Sandwich-Polarized Heterojunction: Efficient Charge Separation and Redox Capability Protection for Photocatalytic Overall Water Splitting.

Photocatalytic overall water splitting is a potential strategy to address energy crisis and environmental issues. However, it remains a great challenge to design an efficient photocatalyst, which not only possesses large spatial separation of photogenerated electrons and holes (PEH) to suppress recombination, but also can preserve the redox capability to drive the reaction. Herein, we design a new type of sandwich-polarized heterojunction by inserting a polarized semiconductor into the interlayer of the conventional photocatalyst. The inserted sublayer with out-of-plane polarization can induce a large electrostatic potential difference between the top and bottom photocatalytic sublayers. Then, the band edges of the top and bottom sublayers can be shifted to form the type II band alignment.

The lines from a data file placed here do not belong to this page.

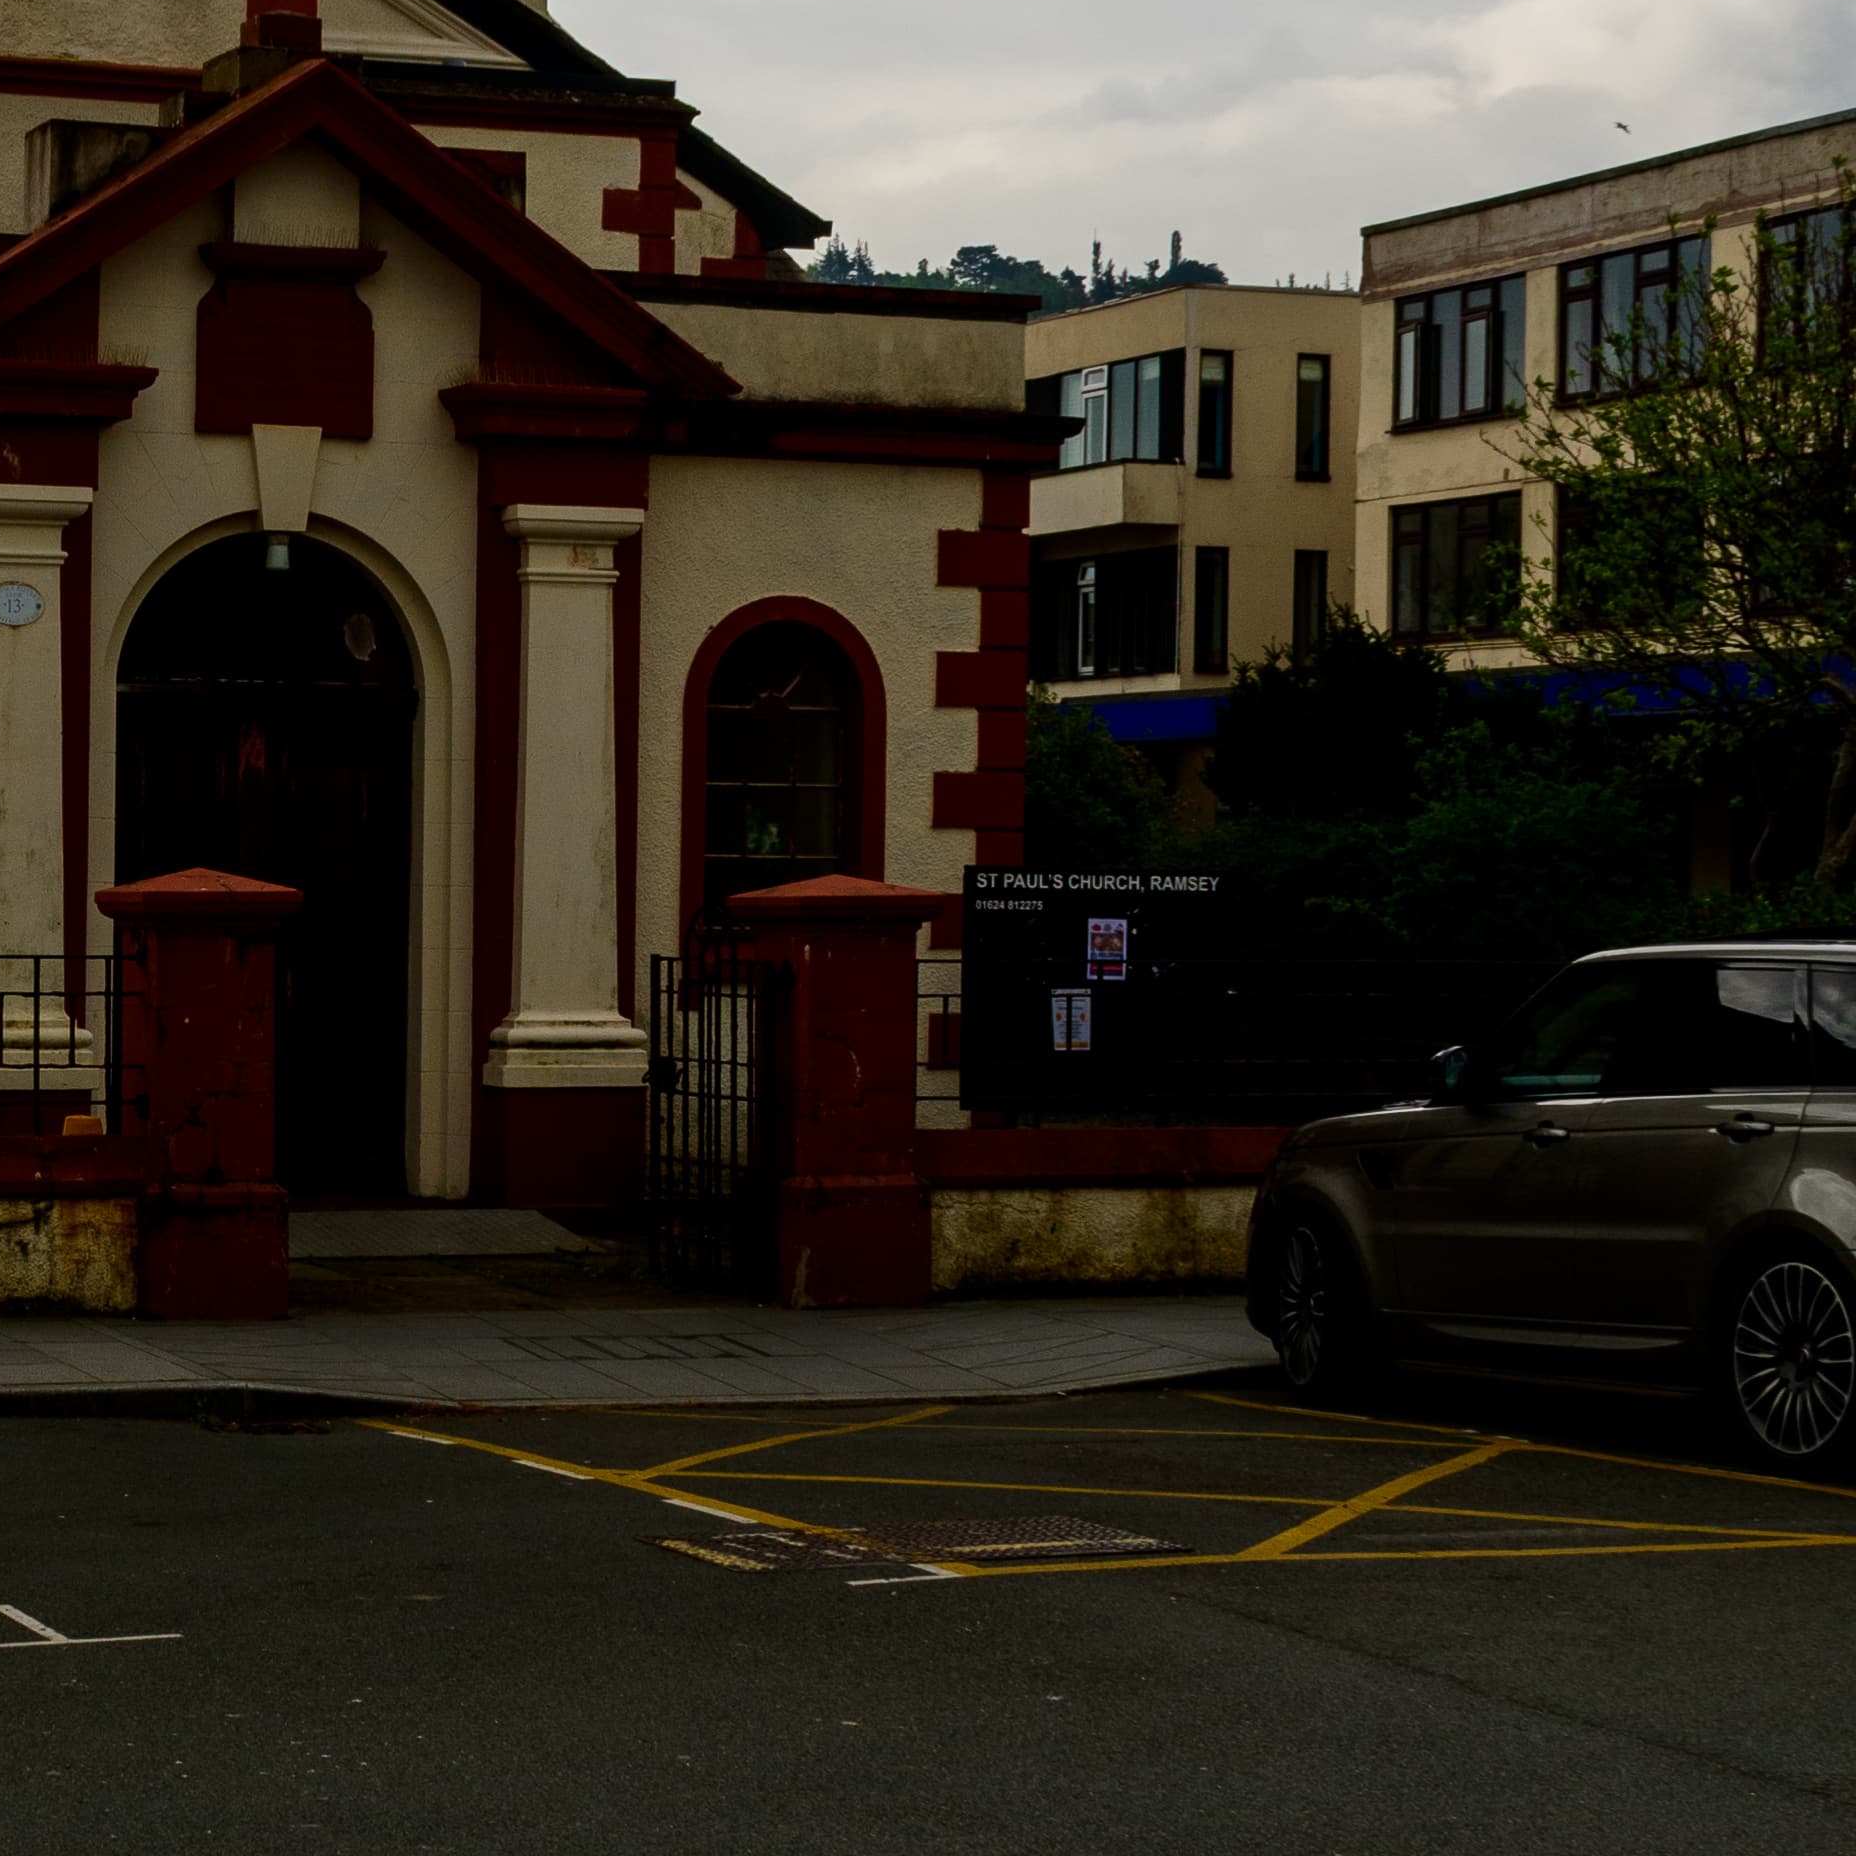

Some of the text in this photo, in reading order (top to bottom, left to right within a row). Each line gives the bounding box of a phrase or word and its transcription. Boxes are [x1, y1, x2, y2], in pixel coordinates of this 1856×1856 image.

[976, 872, 1220, 893] ST PAUL'S CHURCH, RAMSEY
[975, 899, 1044, 911] 01624 812275
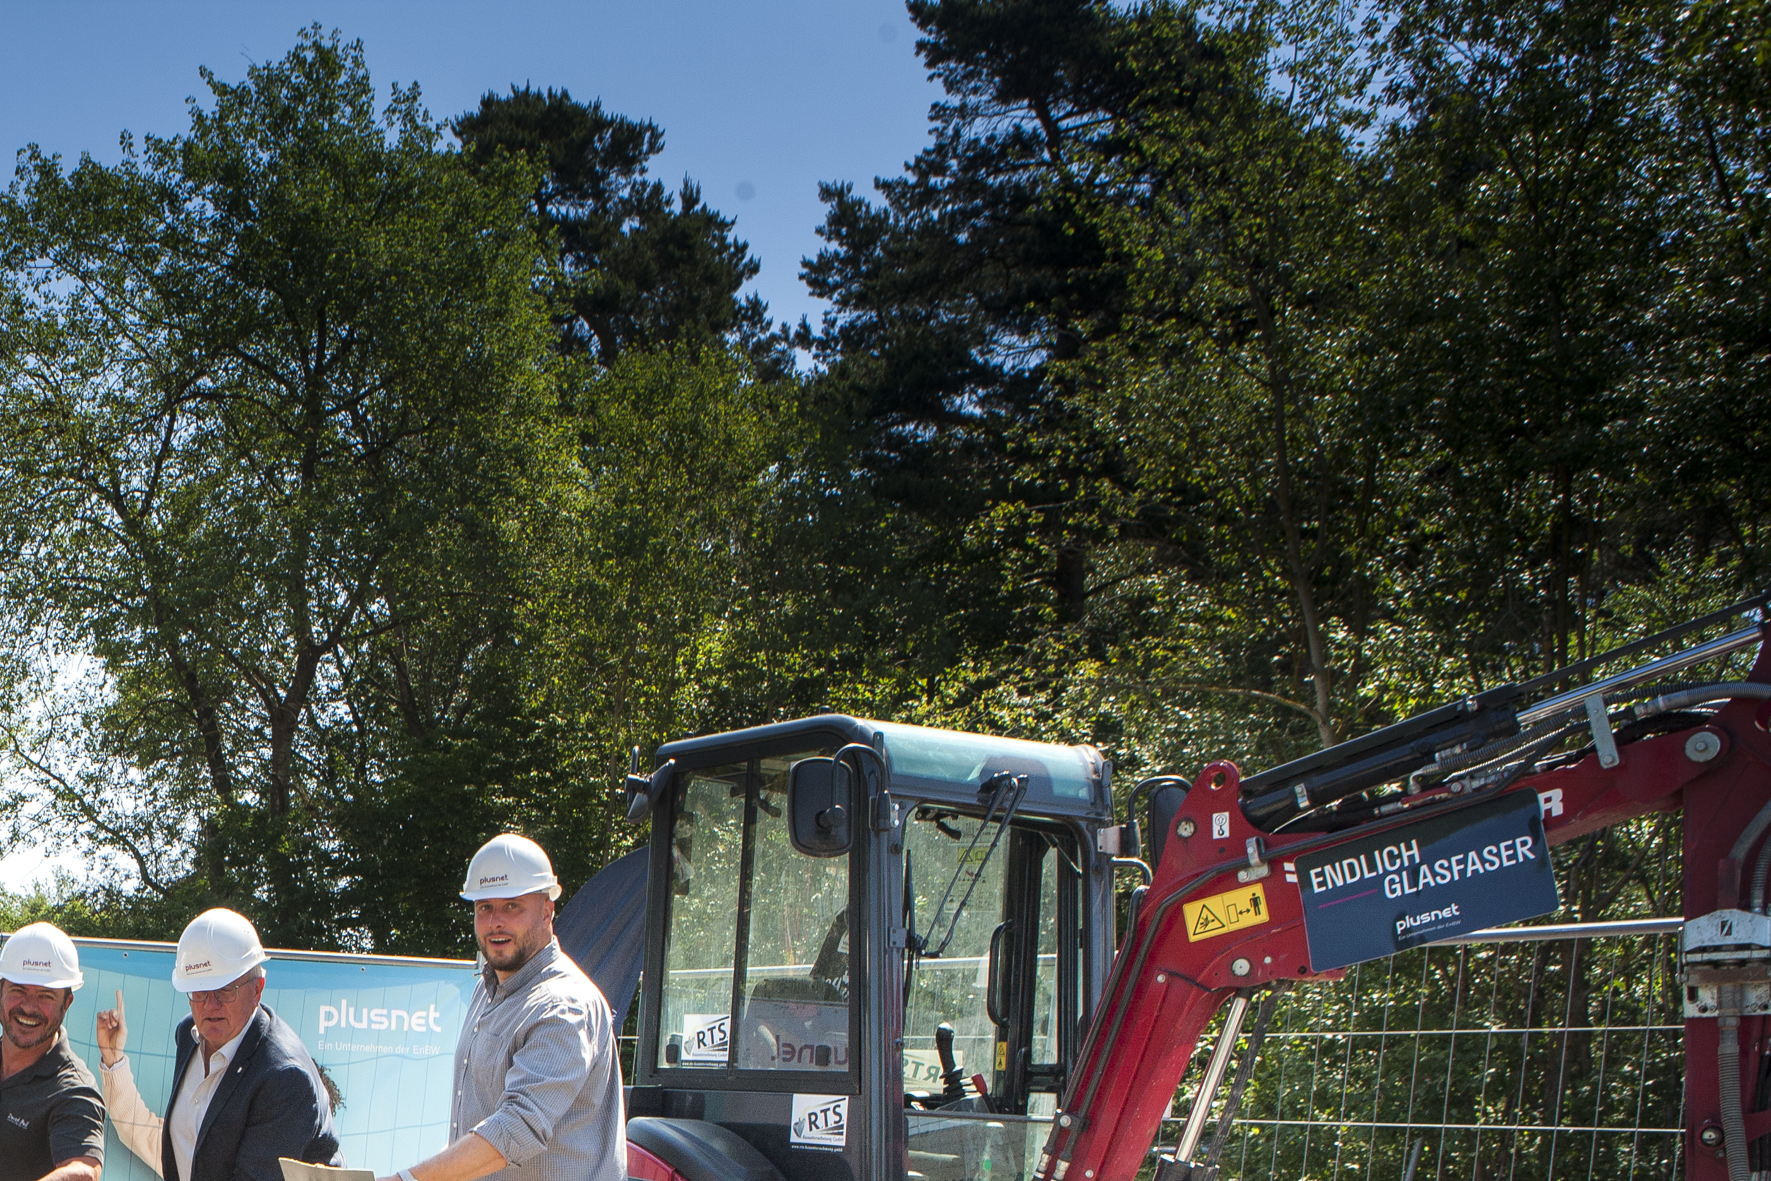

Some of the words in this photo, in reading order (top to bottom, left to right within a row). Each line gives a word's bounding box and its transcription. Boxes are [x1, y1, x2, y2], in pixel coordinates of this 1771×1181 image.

[1309, 839, 1421, 894] ENDLICH
[1384, 835, 1536, 899] GLASFASER
[479, 873, 509, 886] plusnet
[1395, 902, 1461, 935] plusnet
[22, 958, 52, 968] plusnet
[185, 959, 212, 973] plusnet
[318, 998, 442, 1035] plusnet
[318, 1040, 333, 1050] Ein
[335, 1041, 394, 1054] Unternehmen
[395, 1044, 410, 1054] der
[413, 1045, 441, 1055] EnBW

Also, the valence band maximum and conduction band minimum will be located on different photocatalytic sublayers to facilitate the spatial separation of PEH. Simultaneously, different from the conventional type II heterojunction that reduces the redox capability, the electrostatic potential difference also acts as an auxiliary booster to offset the reduced redox potential of PEH. Taking the CN/InSe/CN heterojunction as an example, the polarized InSe effectively promotes the interface transfer of PEH in 1-5 ps and extends the lifetime of PEH to ∼186 ns, which is about six times that of bilayer CN. Simultaneously, the redox power of CN is well preserved. Our work offers a promising scheme to advance the photocatalytic overall water splitting.